*** Opening of Supplied records ***

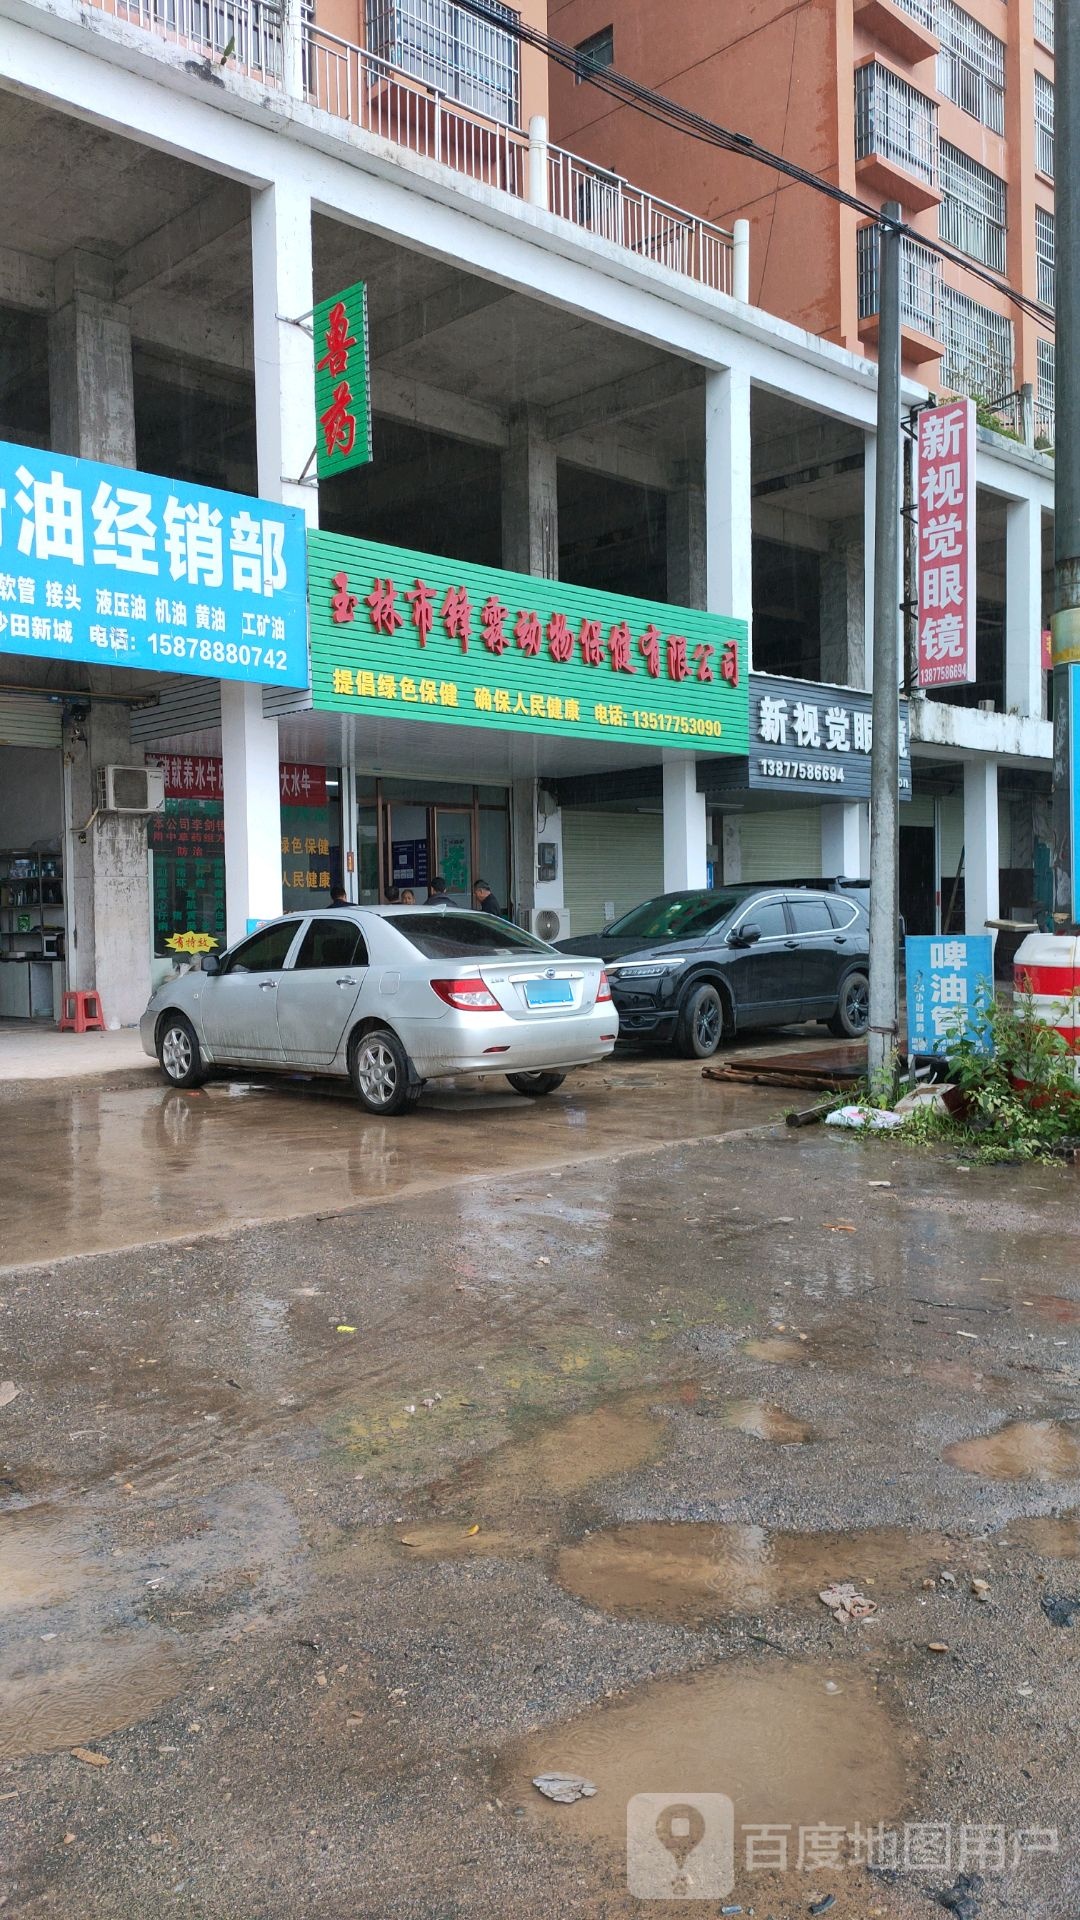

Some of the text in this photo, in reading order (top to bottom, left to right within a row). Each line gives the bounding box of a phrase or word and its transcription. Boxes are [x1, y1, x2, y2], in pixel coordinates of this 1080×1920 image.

[316, 301, 357, 457] 兽药
[0, 465, 288, 598] 油经销部
[921, 408, 965, 660] 新视觉眼镜
[45, 579, 82, 612] 接头
[95, 588, 147, 621] 液压油
[155, 597, 187, 627] 机油
[195, 604, 226, 633] 黄油
[242, 612, 285, 641] 工矿油
[332, 668, 458, 707] 提倡绿色保健
[474, 687, 580, 722] 确保人民健康
[920, 663, 967, 684] 13877586694
[280, 765, 311, 798] 大水牛
[759, 758, 845, 782] 13877586694
[281, 871, 331, 888] 人民健康
[930, 941, 968, 1036] 啤油管

*** Close of Supplied records ***

Reproduce the records in full and leave the images behind.

Some of the text in this photo, in reading order (top to bottom, left to right within a row). Each line gives the bounding box of a phrase or word and its transcription. Boxes are [x1, y1, x2, y2], in pixel coordinates of this 1080×1920 image.

[316, 301, 357, 457] 兽药
[0, 465, 288, 598] 油经销部
[921, 408, 965, 660] 新视觉眼镜
[45, 579, 82, 612] 接头
[95, 588, 147, 621] 液压油
[155, 597, 187, 627] 机油
[195, 604, 226, 633] 黄油
[242, 612, 285, 641] 工矿油
[332, 668, 458, 707] 提倡绿色保健
[474, 687, 580, 722] 确保人民健康
[920, 663, 967, 684] 13877586694
[280, 765, 311, 798] 大水牛
[759, 758, 845, 782] 13877586694
[281, 871, 331, 888] 人民健康
[930, 941, 968, 1036] 啤油管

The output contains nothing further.